Pedosphäre

Willkommen auf der Pedosphärenseite von analogo.de. Die Pedosphäre ist unser (Mutter-) Boden. Von allen fünf Umweltkompartimenten dürfte das Umweltkompartiment Boden das gefährdetste Kompartiment sein. Dabei scheint Boden unerschöpflich, wenn sich die Umweltkompartimente Atmosphäre (Bodenluft), Biosphäre (Bodenlebenwesen), Hydrosphäre (Bodenlösung) und Lithosphäre (Mineralkörper) gegenseitig intensivst durchdringen.

Der Boden unter unseren Füßen bewegt sich nicht und wir nehmen keine kleinskaligen Veränderungen an ihm wahr. Seine Produkte bleiben am Ort, für uns ist der Boden einfach da. Unter unseren Füßen. Unter den Feldern, dem Gras und den Bäumen. Wir leben von und auf dem Boden, aber wir schenken ihm kaum Beachtung. Wenn auch einige wenige Weinkenner und Weinkennerinnen den Geschmack des Bodens im Wein genussvoll wiederfinden – für die meisten von uns gilt das nicht. Wer denkt schon beim Essen an den Boden, auf dem fast alle unsere Lebensmittel gedeihen?

Dabei wäre gerade das wichtig. Denn Böden sind die Grundlage für unsere Lebensmittelproduktion. Sie versorgen die Pflanzen mit Nährstoffen und Wasser. In jeder Kartoffel, jedem Brot, jeder Maniok und jeder Polenta, aber auch in jedem Schnitzel und jedem Brathähnchen stecken Nährstoffe aus dem Boden. Ohne gesunde Böden kann keine gute Nahrung produziert werden.

Aber Böden sind nicht nur wichtig für die Lebensmittelproduktion. Sie filtern Regenwasser und schaffen so neues, sauberes Trinkwasser. Sie regulieren das Klima, denn sie sind nach den Ozeanen der größte Kohlenstoffspeicher der Erde: Sie speichern mehr Kohlenstoff als alle Wälder der Welt gemeinsam. Und Böden sind höchst lebendig! In einer Handvoll Erde leben mehr Organismen als Menschen auf unserem Planeten. Zwei Drittel aller Arten der Welt leben versteckt unter der Erdoberfläche.

Die Weltgemeinschaft hat sich drei wichtige Ziele gesetzt: Der Verlust der Biodiversität soll gestoppt werden, die Klimaerwärmung soll auf höchstens zwei Grad Celsius ansteigen und jeder Mensch das Recht auf ausgewogene Nahrung haben. Ohne fruchtbare Böden wird keines dieser Ziele erreicht werden. Denn Böden erfüllen all ihre Funktionen nur, wenn das Bodenleben intakt, die Humusschicht gesund und die Landrechte gesichert sind.
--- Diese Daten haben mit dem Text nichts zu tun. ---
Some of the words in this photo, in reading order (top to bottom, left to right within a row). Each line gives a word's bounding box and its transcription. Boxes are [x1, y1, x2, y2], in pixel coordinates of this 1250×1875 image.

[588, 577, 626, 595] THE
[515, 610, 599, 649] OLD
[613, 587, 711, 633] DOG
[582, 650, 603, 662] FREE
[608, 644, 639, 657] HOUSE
Doch trotz ihrer lebenswichtigen Funktionen und zentralen Bedeutung schützen wir die Böden nicht. Tatsächlich gehen durch falsche Nutzung jährlich rund 24 Milliarden Tonnen fruchtbarer Boden verloren.
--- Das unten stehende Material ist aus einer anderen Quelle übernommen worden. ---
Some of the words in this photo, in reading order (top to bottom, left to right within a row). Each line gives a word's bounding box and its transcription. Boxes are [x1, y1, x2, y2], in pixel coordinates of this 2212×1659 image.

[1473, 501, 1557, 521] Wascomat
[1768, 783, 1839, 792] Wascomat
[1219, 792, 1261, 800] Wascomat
Bodenerosion und Landwirtschaft

Die Ursachen für den Verlust sind vielfältig. Städte und das Straßennetz dehnen sich aus. Asphalt versiegelt fruchtbaren Boden und schädigt ihn unwiederbringlich. Sogar in Ländern mit sinkenden Bevölkerungszahlen wie Deutschland verlieren täglich 77 Hektar Boden ganz oder teilweise ihre Funktion. Das sind umgerechnet mehr als 100 Fußballfelder, die allein in Deutschland nicht mehr für die Produktion von Nahrungsmitteln zur Verfügung stehen.

Aber auch die Landwirtschaft, die selbst von der Qualität der Böden abhängig ist, trägt eine Mitverantwortung für diesen Verlust. Große Maschinen verdichten die Bodenstruktur. Böden haben eine nur begrenzte Eigenfestigkeit. Und sie haben ein Gedächtnis: Einmal verdichtet, bleiben sie verdichtet. Pestizide und Mineraldünger verringern das Bodenleben.

Wind und Wassererosion wehen oder schwemmen den fruchtbaren Boden einfach davon. Die Äcker im landwirtschaftlich mächtigen Bundesland Schleswig-Holstein verlieren durch Wind- und Wassererosion jährlich 4.000 bis 8.000 Kilogramm Bodenkrume pro Jahr und Hektar. Rechnet man die jährliche Neubildung von Humus & Co. in Höhe von 200 kg bis 500 kg dazu, ergibt sich ein jährlicher Verlust von 3.500 bis 7.500 Kilogramm. Weltweit sind 1,5 Milliarden Hektar Ackerfläche irreversibel erodiert. Das entspricht 15 Millionen km² bzw. der Fläche der USA + Indien + Frankreich + Deutschland + Italien + Spanien + Benelux.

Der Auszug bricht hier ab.